A patent is a property right that may be held for one’s own use, sold outright to another, or licensed to others.

After a patent is issued, the federal government does not police the market for violations or infringements. If others infringe the patent, it is up to the patent owner to assert his or her rights.

A trademark is a word, a name, a symbol, a device, a combination of these, or other indicator used exclusively to identify the source of products and distinguish them from others. Examples are “Kodak” for cameras, and “Chevrolet” for automobiles. Service marks are like trademarks, except that they identify services. Examples of these would be “McDonald’s” for restaurants, and “Holiday Inn” for motels.

There is a hierarchy of protection for trademarks and service marks. The strongest are coined or arbitrary marks that in no way suggest or describe the product or service. An example is “Kodak” which was a coined or made-up word when first adopted.

Next, and also protectable, are marks that merely suggest the product or service or suggest some characteristic or quality of the product or service.

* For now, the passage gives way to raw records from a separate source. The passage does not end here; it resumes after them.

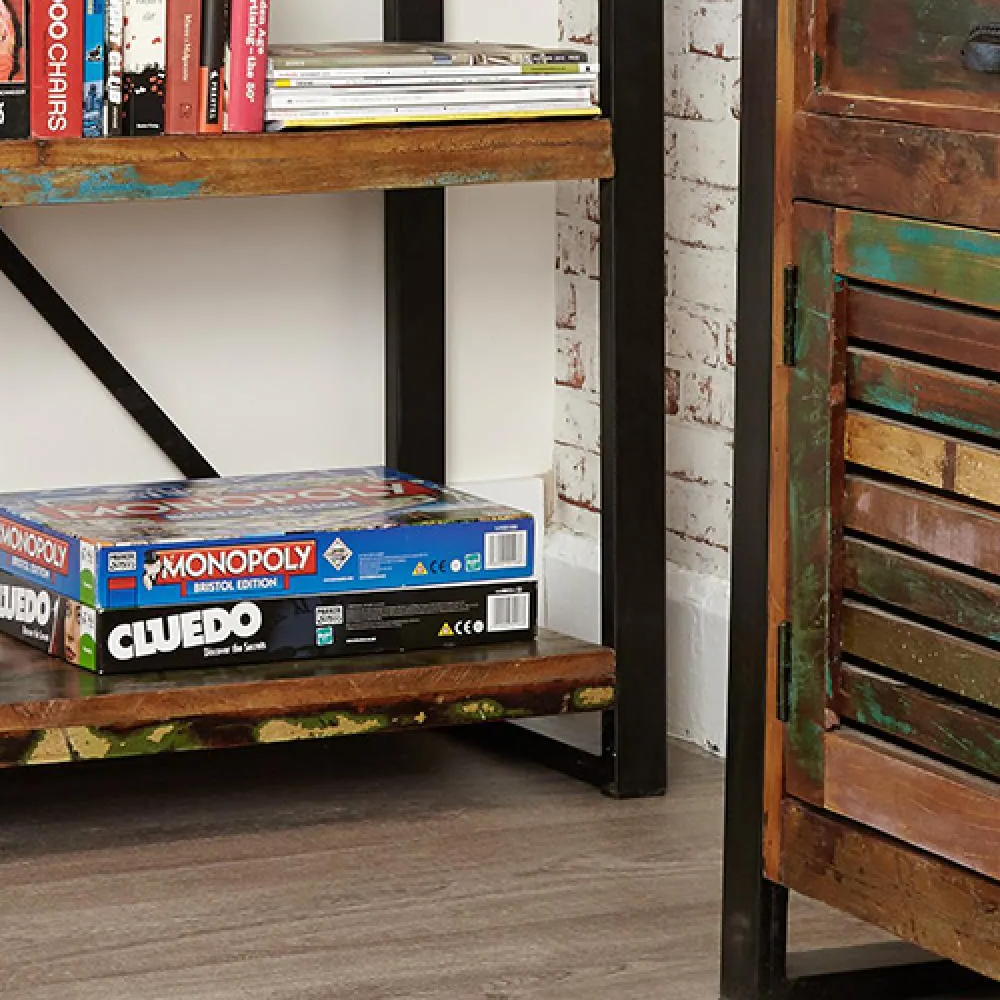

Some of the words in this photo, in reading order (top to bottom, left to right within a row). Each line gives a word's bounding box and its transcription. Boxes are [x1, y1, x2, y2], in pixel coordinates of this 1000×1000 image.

[256, 28, 267, 55] Age
[47, 43, 68, 131] CHAIRS
[1, 521, 67, 569] MONOPOLY
[161, 545, 311, 580] MONOPOLY
[193, 580, 234, 593] BRISTOL
[237, 577, 277, 590] EDITION
[107, 601, 263, 661] CLUEDO

At the bottom of the list, and generally not protectable, are descriptive marks. Generic terms can never become valid trademarks.

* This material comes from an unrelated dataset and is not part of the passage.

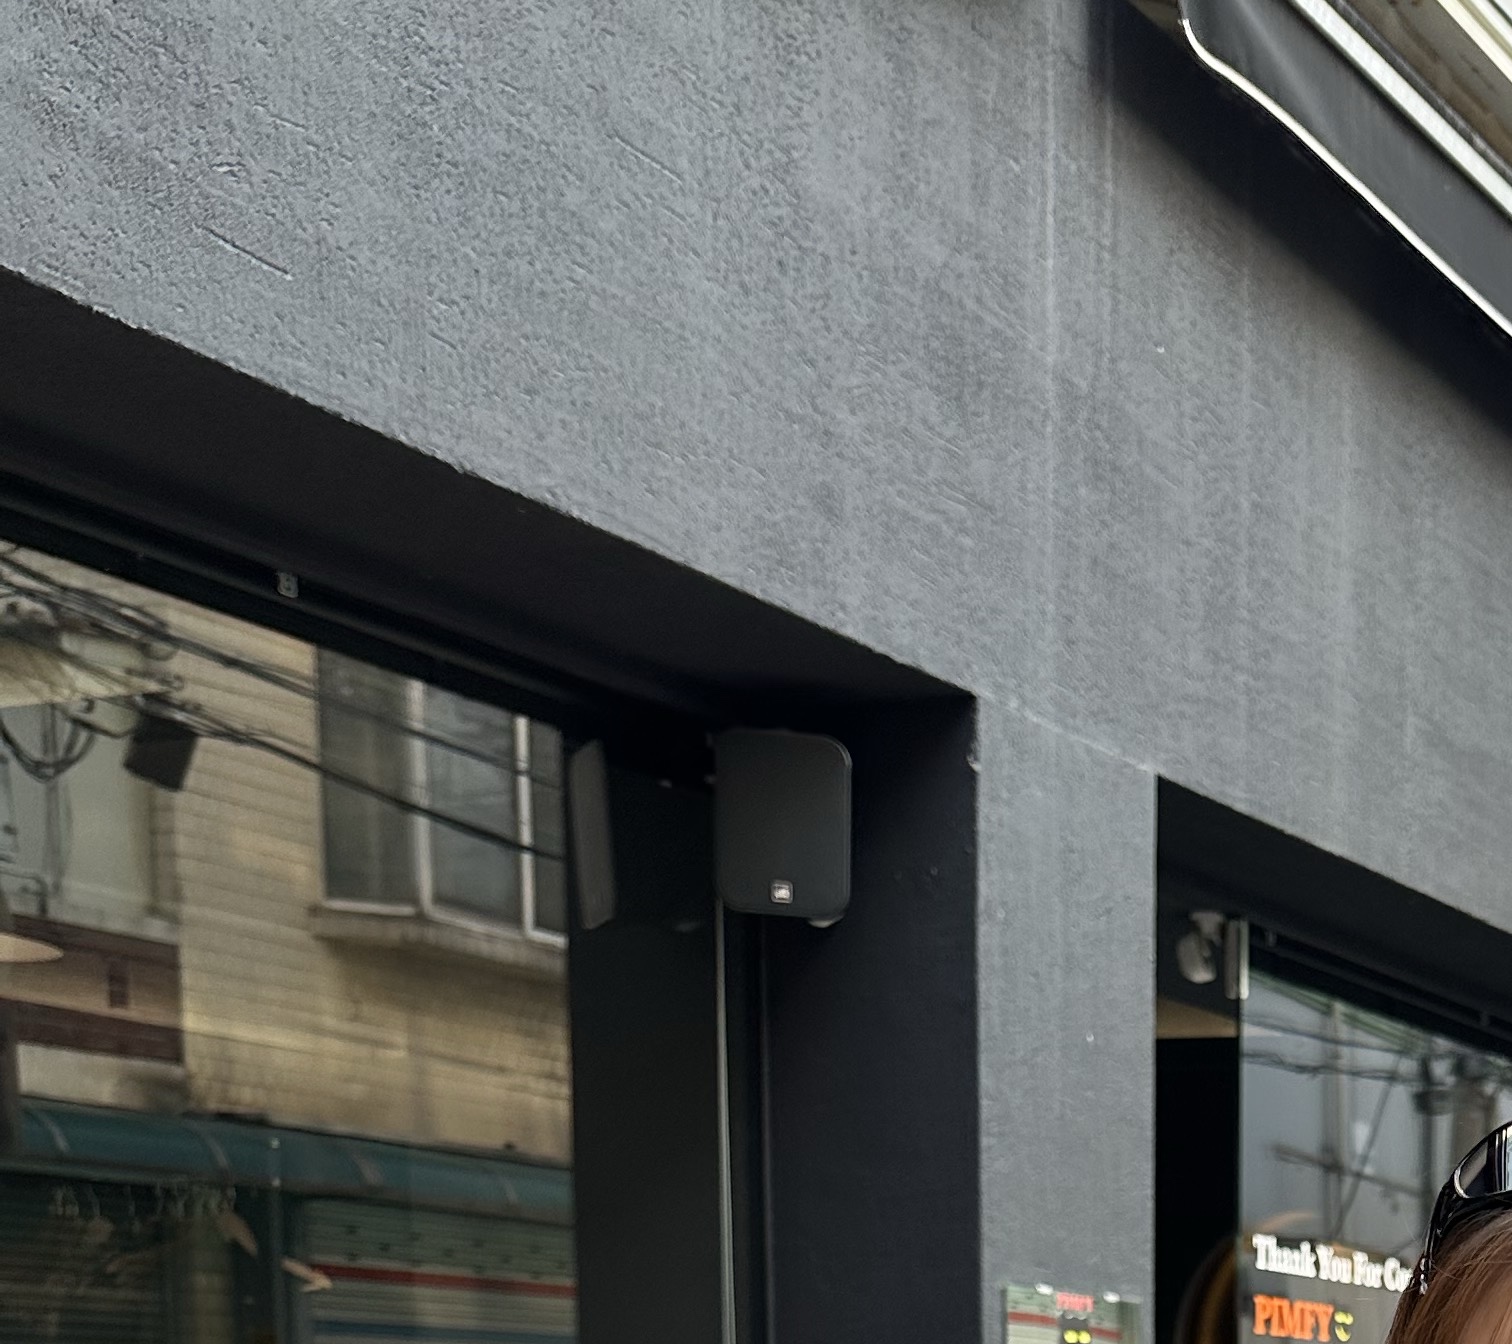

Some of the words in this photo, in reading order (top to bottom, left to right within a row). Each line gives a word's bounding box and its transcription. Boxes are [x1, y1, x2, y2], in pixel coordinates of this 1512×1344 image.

[1252, 1233, 1317, 1279] Thank
[1316, 1243, 1352, 1284] You
[1352, 1251, 1383, 1288] For
[1253, 1293, 1334, 1343] PIMFY

Rights in a trademark or service mark are acquired in the United States by being the first to use the mark in commerce on or in connection with the goods or services. Rights also may be established by filing an application for trademark registration in the U.S. Patent and Trademark Office based on a bona fide intention to use a mark at a later date. A mark is not registered until it has actually been used on a product or service.

It is not necessary to register a trade or service mark. It can be protected under state and federal laws without registration. However, it is beneficial to register the mark, either with the Oregon Secretary of State, or if interstate commerce is involved, with the U.S. Patent and Trademark Office.

When a mark is registered, particularly at the federal level, the registration provides to others notice of the registrant’s claim of ownership, and it gives federal courts jurisdiction to hear infringement claims. Once a trademark is registered with the U.S. Patent and Trademark Office, it may be accompanied by an “R” in a circle, or by some other notice indicating that it is registered in the U.S. Patent and Trademark Office.

Before you adopt a mark for use on either a product or service, you should have a search performedto determine if someone else has previously established rights in the same or a similar mark. Again, an attorney may be helpful to you in making such searches before you adopt a mark and in later registering your mark.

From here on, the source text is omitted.